3 Ways to Pay Veterinary Bills Without Going Broke
January 30, 2014
Medical costs for people aren’t the only healthcare costs rising. Veterinary care for our pets is rising too. Not only can large veterinary bills strain a household budget, but they can also force us into making tough choices. Do we go ahead with a life-saving surgery for our beloved pet, or do we decide that the cost is simply too high?
We don’t have to make such choices when it comes to people. After all there’s health insurance, and even if you can afford it, there’s the Hippocratic Oath that requires that you be given at least life-saving medical treatment even if you can’t afford it.
But what do you do if you’re faced with a large medical bill for your pet, and don’t have the money to pay for it? And perhaps more important, what do you do keep yourself out of a situation that may require you to make such a difficult choice?
There are at least three ways that you can deal with medical costs for your pet, but the catch is that you need to do something about it right now – before you have the need.
1. Pet Insurance
There are different insurance companies providing a variety of policies for pets. I checked out pet health insurance through a company called Healthy Paws. The quote that I got for my dog was about $50 per month, or $600 per year, for a plan that included a $250 annual deductible, and 80% reimbursement on any expenses above that.
The policy covers illnesses and injuries, as well as emergency care and genetic conditions. It will cover hospitalization, surgeries, diagnostic testing, and prescription medications for your pet. Unlike health insurance for people, reimbursement for services does not go to the healthcare provider. Instead, you will pay the vet out-of-pocket and be reimbursed by the insurance company, generally within two weeks.
There are certain exclusions. The policy will not cover pre-existing conditions, preventative or routine care, spaying or neutering, or office visit fees for routine exams. The policies are also limited to dogs and cats, so if you have other types of pets (for example, we have pet rats) they will be ineligible for coverage.
On the upside, there is no network of providers – they will cover services with any licensed veterinarian. There are also no limits on benefit payments, or on the number of claims that you file (according to the company’s website).
2. Dedicated Savings Account for Bills
If the idea of having health insurance on your pet doesn’t appeal to you, you can also set up a dedicated savings account that you can use to handle unanticipated healthcare costs.
We’ve already seen the how the insurance policy costs in the neighborhood of $600 per year. But should you decide to go without health insurance, you can put an equivalent amount of money into a dedicated savings account for your pet. This will be a form of self-insurance, so that you’ll have the money available when needed.

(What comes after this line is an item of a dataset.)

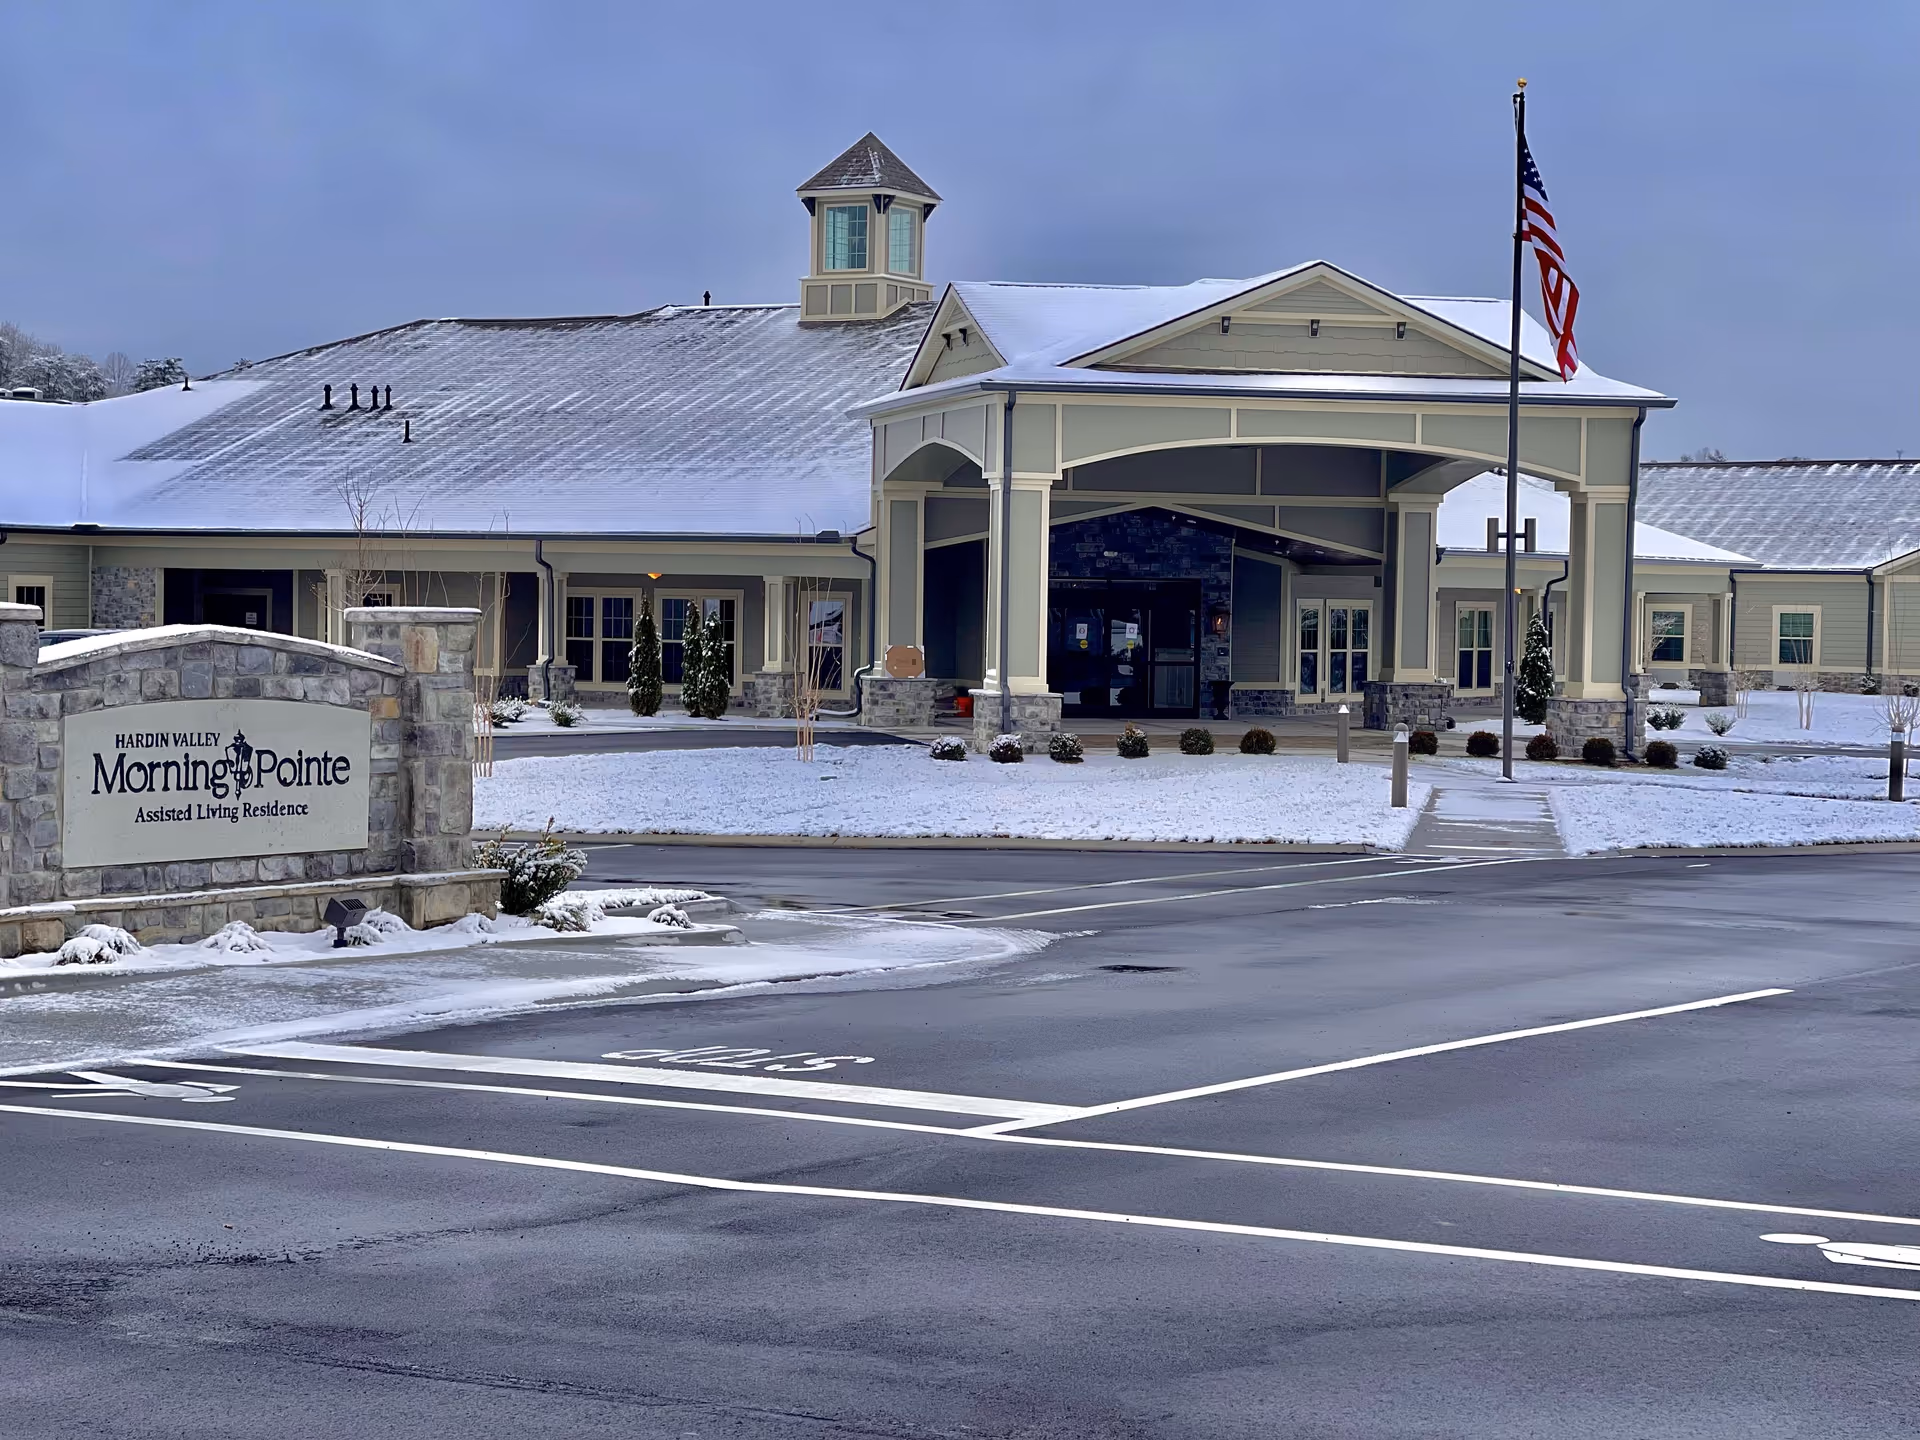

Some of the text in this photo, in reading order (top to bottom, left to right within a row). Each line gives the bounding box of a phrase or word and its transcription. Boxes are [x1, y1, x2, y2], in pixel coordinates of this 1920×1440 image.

The advantage of this method is that if you don’t spend money, you can keep it and use it for other purposes. In fact, over the course of your pet’s lifetime, it could be a significant amount of money. For example, if you save $600 per year for 15 years, you’ll have $9,000 saved – plus interest. Of course, this assumes that your pet will be completely healthy during that time, and never have need for medical attention. Either way, it would give you complete control over the money that you have allocated and budgeted for potential medical expenses.
The downside of using the savings method is in timing. Let’s say that your pet needs to have a certain procedure will cost $2,000. But you only had your pet for two years, and in that time you saved up $1,200. You’ll still need an additional $800 to cover the medical costs.
Still another limitation is the fact that medical treatment costs for your pet can easily exceed the amount of money that you have set aside for that purpose. Much will depend upon how much you are prepared to spend on any given procedure that you might have done to your pet.
3. Care Credit
You may have heard of this company, either through TV or Internet ads, or you may have been offered a medical line of credit from a healthcare provider. The surprise here is that the credit line also extends specifically to veterinary care.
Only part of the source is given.